Söyle bana ne aradık? Ne bulduk? Ve bunca mevsim geçti!

Ankara’dan sevgili okuyucum, dostum İlhan Özel geçen hafta manevi değeri pek yüksek olan birkaç siyah-beyaz fotoğraf gönderdi, sağ olsun. Bu fotoğraflar Van’ın bir dönemine şahitlik etmiş belgelerdir.

Bunlar; maziden kalan ebru desenli ve ipek bohçalara sarmalanmış hüzünlü hatıralardır! Bunlar; yüreğimizi hasret gözyaşlarıyla ıslatan masmavi düşlerdir. Van folklor ekiplerinin oynadığı halayların huzur veren nazarıdır, çalınan gırnatanın büyülü sesi ufuklara iğde çiçeği kokulu eşsiz hatıralarını salma vaktidir!
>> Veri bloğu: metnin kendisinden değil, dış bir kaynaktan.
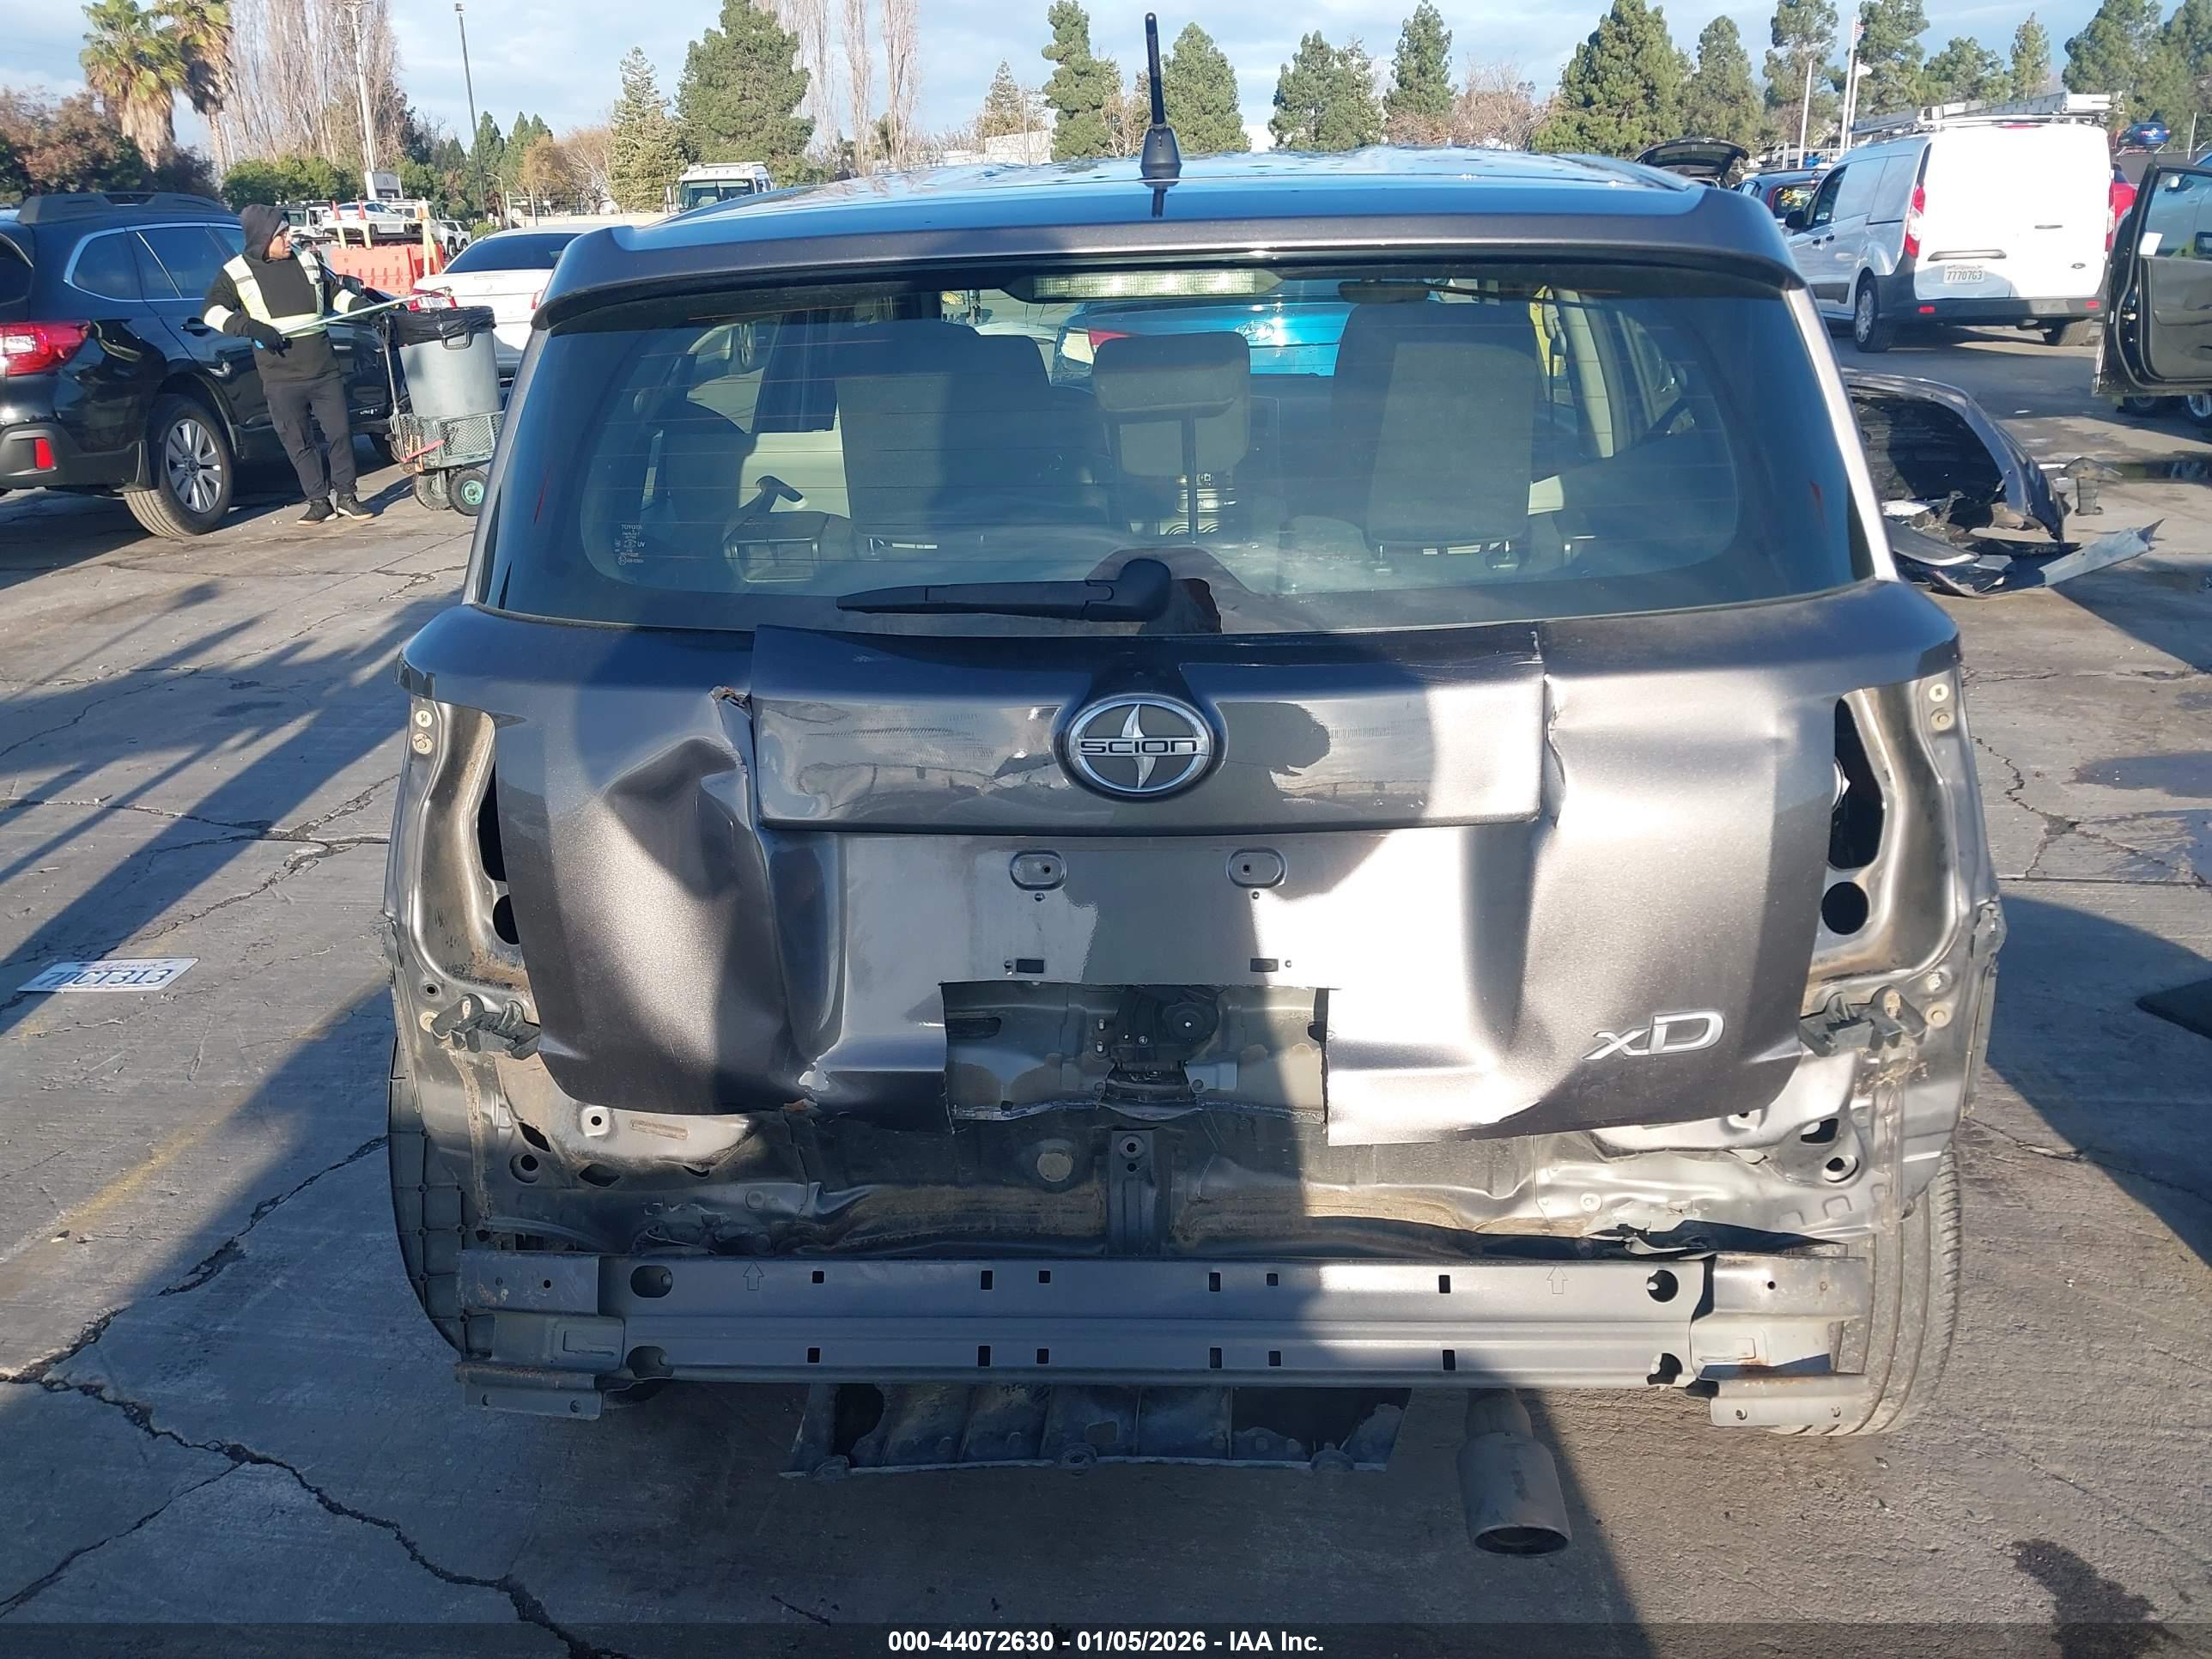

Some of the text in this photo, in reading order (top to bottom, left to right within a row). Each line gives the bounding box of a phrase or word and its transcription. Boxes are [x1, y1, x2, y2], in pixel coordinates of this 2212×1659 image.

[1947, 270, 1983, 281] 77707G3
[36, 968, 173, 987] 7DCT313
[1581, 1010, 1725, 1061] xD
Bu siyah-beyaz fotoğraflar; bir akşamüstü Meteoroloji Mahallesi’nde bir evin bahçesindeki düğünde, salkım söğütlerin altında çekilen halayda Yusuf, Cezmi ve Eşref’in yüreğini ıslatan vuslat damlalarıdır… Van Atatürk Lisesi yollarında derse yetişmeye çalışan öğrencilerin tatlı heyecanındaki sevda kuşlarıdır… Bunlar; Van Gençlik ile Şengençler futbol takımları arasında oynanan bir maçta İskeleli Engin ağabeyin yarım makas voleyle attığı golün, Vangölü dalgaları üzerinde dans eden yakamozlarıdır… Bunlar; kırk ezgili yanık bir türkünün hisli nağmeleridir…
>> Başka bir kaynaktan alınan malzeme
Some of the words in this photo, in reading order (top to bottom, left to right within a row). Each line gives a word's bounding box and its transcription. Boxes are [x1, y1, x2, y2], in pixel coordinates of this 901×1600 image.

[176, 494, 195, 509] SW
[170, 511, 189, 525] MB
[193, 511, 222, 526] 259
Hadi söyle bana, bunca hatıraların üzerinden kaç mevsim geçti?

İnsan hayatında bazı özel anlar ve unutulmaz hadiseler vardır. Bir ömürde ancak üç veya beşi geçmeyen bu hadiseler hayatımıza istikamet verecek mahiyette olabilir. Böyle hususi günler her biri ekseri hayatta bir kez yaşanır. Bu yüzden her birinin kendine has ağırlıkları ve tecrübeleri vardır. Bir yarışmada, kültürel etkinlik veya spor müsabakasında derece yapmak, Üniversiteden mezun olmak, askerlik, nişan, evlilik gibi hatıralar ömür boyunca unutulmayacak zamanlardır! İşte böylesi güzel hatıraları korumak ve bakıldıkça hüzünlenecek, gururlanılacak, duygulanılacak (siyah-beyaz) fotoğraflar ne güzeldir…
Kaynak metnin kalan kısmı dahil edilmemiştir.